The essential kindness of Bill and Ted

The essential kindness of Bill and Ted

The most excellent dudes are back. | MGM

The essential kindness and sublime silliness of one terrific franchise.

For a long time, I had Bill and Ted mixed up in my head with the guys from Dumb and Dumber, who never really appealed to me. That may explain why I had not participated in the former duo’s excellent adventure nor their bogus journey until earlier this summer.

But in June, faced with the impending release date of the third installment in the trilogy, Bill and Ted Face the Music — three decades after the originals — I queued up the 1989 film that started it all.

And to my great joy, I loved it. It’s so charmingly weird, emitting hormonal teenage boy stoner flick vibes while somehow remaining as pure as the driven snow. It is about two best friends (played by baby Keanu Reeves and Alex Winter, who remain BFFs to this day), joined at the hip and devoted to their terrible band Wyld Stallyns. Inside of an hour and a half, they discover they are key to the fate of humanity, embark on a wild time-traveling ride facilitated by George Carlin and a beat-up telephone booth, try to pass a high school history presentation by collecting historical figures from the past (in the aforementioned telephone booth, of course) and bringing them to the present, and find out that they are destined to someday write the song that will unite the world and bring peace to the universe.

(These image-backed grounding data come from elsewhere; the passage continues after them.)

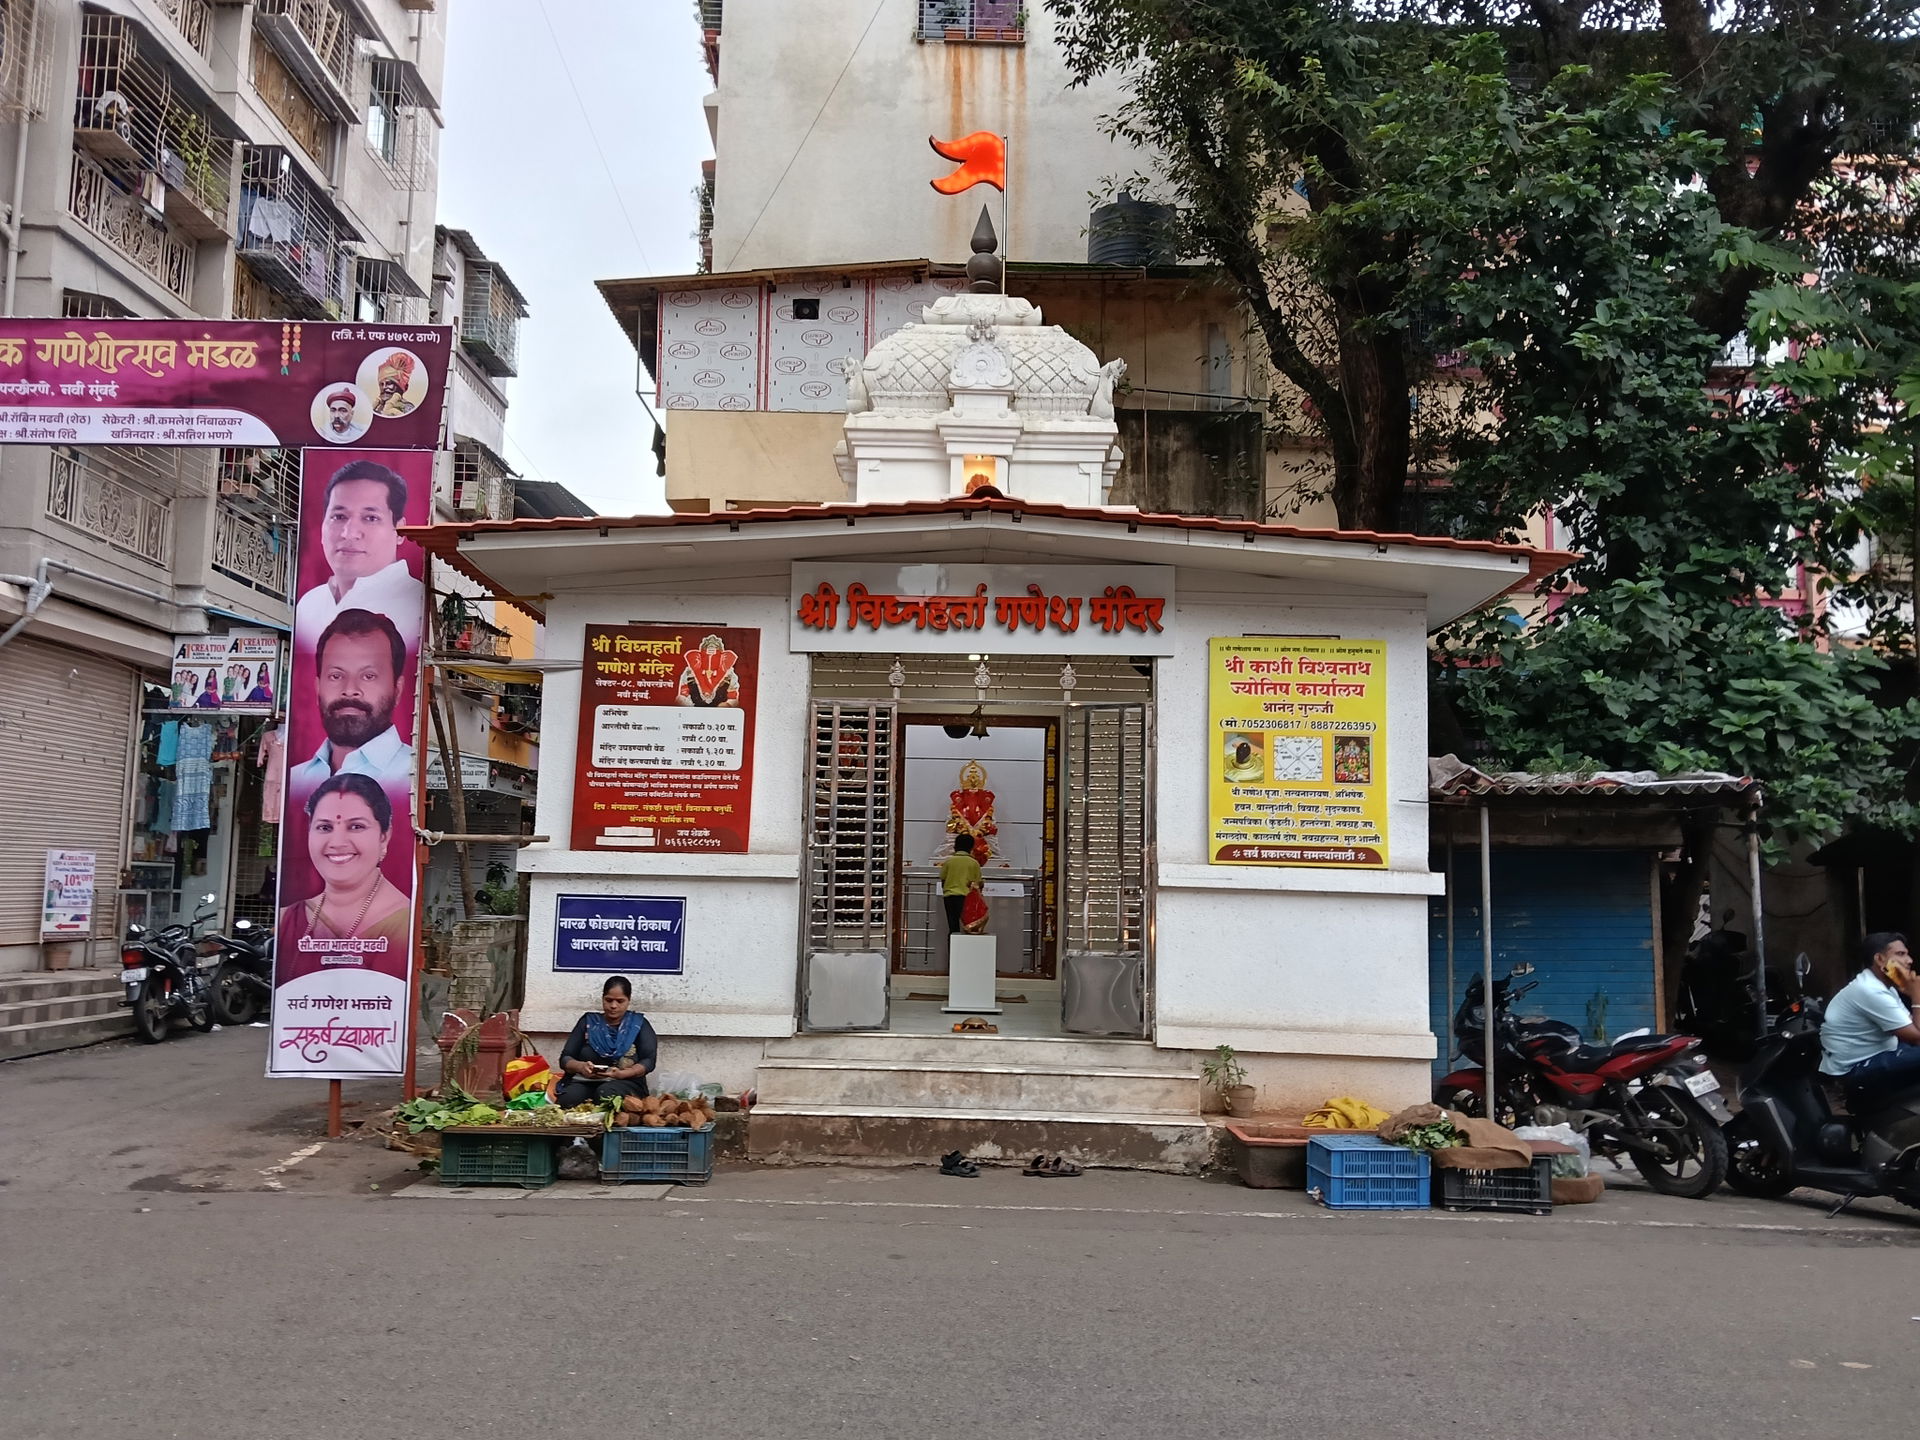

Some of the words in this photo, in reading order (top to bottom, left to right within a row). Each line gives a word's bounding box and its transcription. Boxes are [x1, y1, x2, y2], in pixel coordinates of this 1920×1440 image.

[368, 331, 386, 341] एफ
[387, 332, 415, 342] ४७९८
[416, 331, 441, 344] ठाणे)
[33, 331, 178, 377] गणेशोत्सव
[184, 333, 259, 370] मंडळ
[38, 413, 64, 424] मढवी
[66, 413, 91, 425] (शेठ)
[102, 413, 135, 425] सेक्रेटरी
[143, 414, 194, 426] श्री.कमलेश
[196, 415, 243, 426] निंबाळकर
[15, 428, 55, 439] श्री.संतोष
[58, 428, 77, 440] शिंदे
[111, 429, 154, 440] खजिनदार
[163, 430, 205, 440] श्री.सतिश
[207, 429, 232, 440] भणगे
[797, 582, 840, 629] श्री
[847, 582, 988, 631] विघ्नहर्ता
[995, 584, 1083, 632] गणेश
[1089, 586, 1165, 632] मंदिर
[191, 644, 227, 653] CREATION
[243, 638, 278, 646] CREATION
[592, 635, 611, 653] श्री
[615, 635, 682, 657] विघ्नहर्ता
[597, 658, 634, 675] गणेश
[639, 659, 675, 678] मंदिर
[1225, 656, 1244, 674] श्री
[1249, 656, 1293, 675] काशी
[1298, 656, 1371, 676] विश्वनाथ
[1230, 677, 1291, 696] ज्योतिष
[1295, 678, 1365, 697] कार्यालय
[1263, 700, 1294, 715] आनंद
[1243, 847, 1259, 859] सर्व
[64, 874, 81, 886] 10%
[560, 918, 587, 930] नारळ
[588, 914, 636, 930] फोडण्याचे
[637, 916, 672, 931] ठिकाण
[363, 936, 386, 951] मढवी
[621, 936, 639, 951] येथे
[640, 941, 669, 952] लावा.
[287, 995, 308, 1010] सर्व
[311, 995, 348, 1010] गणेश
[352, 995, 393, 1010] भक्तांचे

Bill and Ted play air guitar to celebrate their tiny victories. They giggle over the number 69. They have oddly expansive vocabularies and eminently quotable catchphrases, one of which — “Be Excellent to Each Other” — was posted on the marquee on my local movie theater when the pandemic shut it down in March. I see it each time I go out for a run.

Bill, Ted, and the Grim Reaper in Bill and Ted Face the Music.MGM
You knew Death would be back.

In the second movie, which came out in 1991, Bill and Ted end up on a “bogus journey” that takes them, for whatever reason, to the afterlife — both hell and heaven. It’s not particularly Dickensian or Miltonian, though it does feature a wholly unexpected extended riff on Ingmar Bergman’s The Seventh Seal. The plot is simple: They just have to find the smartest person in the universe to help them build good robot replicas of themselves to get rid of the bad robot replicas of themselves, which were sent from the future by a villain to ensure they don’t win the battle of the bands. Along the way, they defeat Death, a.k.a. the Grim Reaper, in a tournament of classic board games (Battleship, Clue, a bonus round of Twister), and he becomes their reluctant companion and eventual bandmate. You know, average adventure stuff.

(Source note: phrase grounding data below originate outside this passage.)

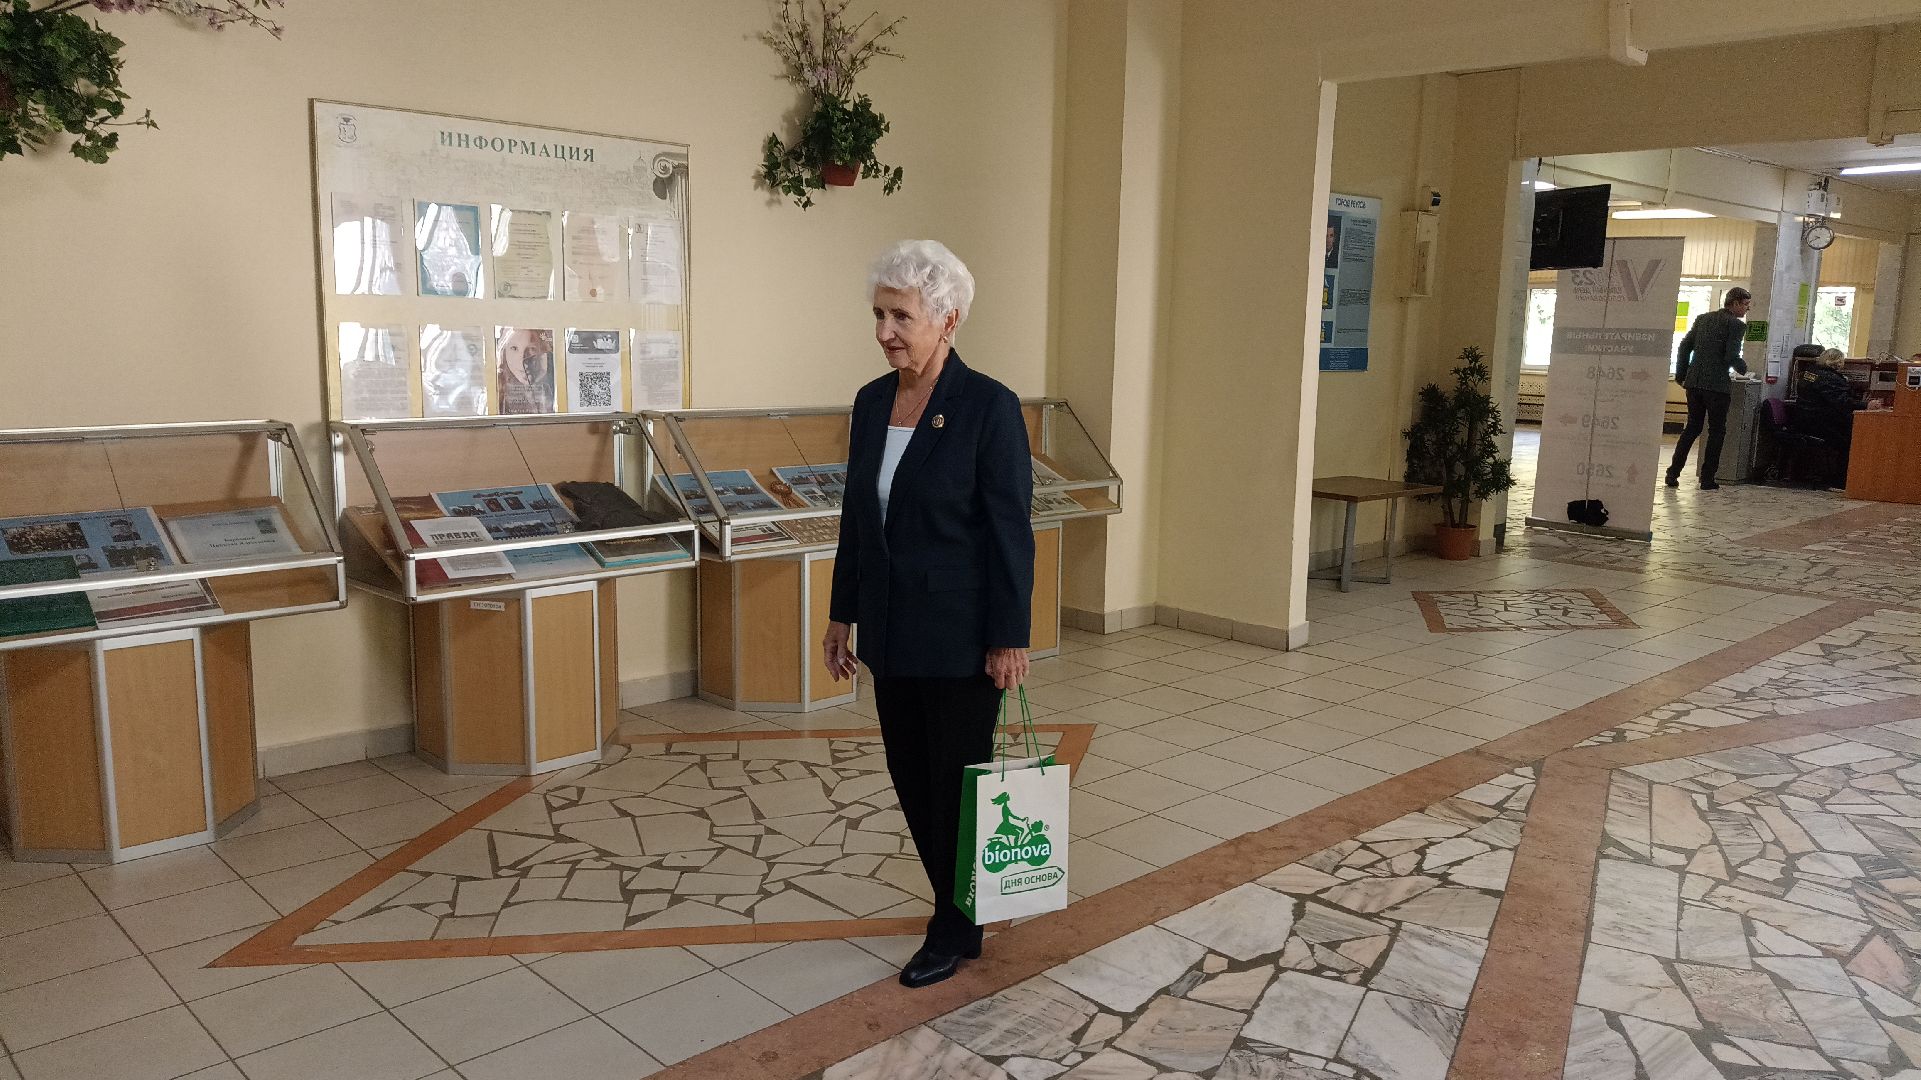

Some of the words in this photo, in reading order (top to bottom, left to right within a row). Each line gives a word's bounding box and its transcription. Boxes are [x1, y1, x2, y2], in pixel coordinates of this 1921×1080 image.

[439, 130, 595, 163] ИНФОРМАЦИЯ
[429, 531, 479, 541] ПРАВДА
[984, 842, 1050, 865] bionova
[1004, 877, 1022, 890] ДНЯ
[1024, 871, 1058, 886] ОСНОВА

Watching these movies, which came out when I was in kindergarten and second grade, I marveled — as I often do when watching movies of the ’80s and early ’90s, like my recent Gremlins experience, which is another story for another day — at how splendidly nuts they are. I don’t talk during movies, even at home, but I believe I repeated “How did they pitch this movie???” several times during both Bill and Ted encounters. Because how would you pitch a movie about a couple of good-natured teenaged doofuses who travel through time and alternate dimensions and play in a band, and both have a crush on the one kid’s stepmother, who by the second movie has left that kid’s father and married the other kid’s father, and also there are slightly incompetent killer robots? How do you get George Carlin into this movie? What exactly are you on when you invent the whole scenario? And how do you convince famously risk-averse Hollywood execs to agree to something so wackadoodle when it’s not based on an existing intellectual property they’re sure has a built-in audience?

I’m aware that my perspective is deeply colored by my age; I’m almost 37, so for a sizable chunk of my adult moviegoing experience, franchises and sequels and reboots have been how Hollywood makes its big bucks. And those movies have been safe, in two senses: They rarely take the risk of doing something unexpected, something that could turn off the audience or confuse them. And they are greenlit because the production company knows the audience is already there.

Bill & Ted Face the Music is as wonderfully weird as its predecessors, though it’s set 25 years later, when the dudes have daughters (Thea and Billie, played by Samara Weaving and Brigette Lundy-Paine) and an old plot point returns. Now is the time foretold in the first movie: They must write the song that will unite the world and save the future of humanity. And in so doing, they set off on a wild ride through time and space and alternate dimensions — revisiting many old jokes and haunts and pals — to make it all work before time runs out and reality collapses in on itself.

Two teenaged girls stand, smiling.MGM
Thea and Billie are picking up the mantle.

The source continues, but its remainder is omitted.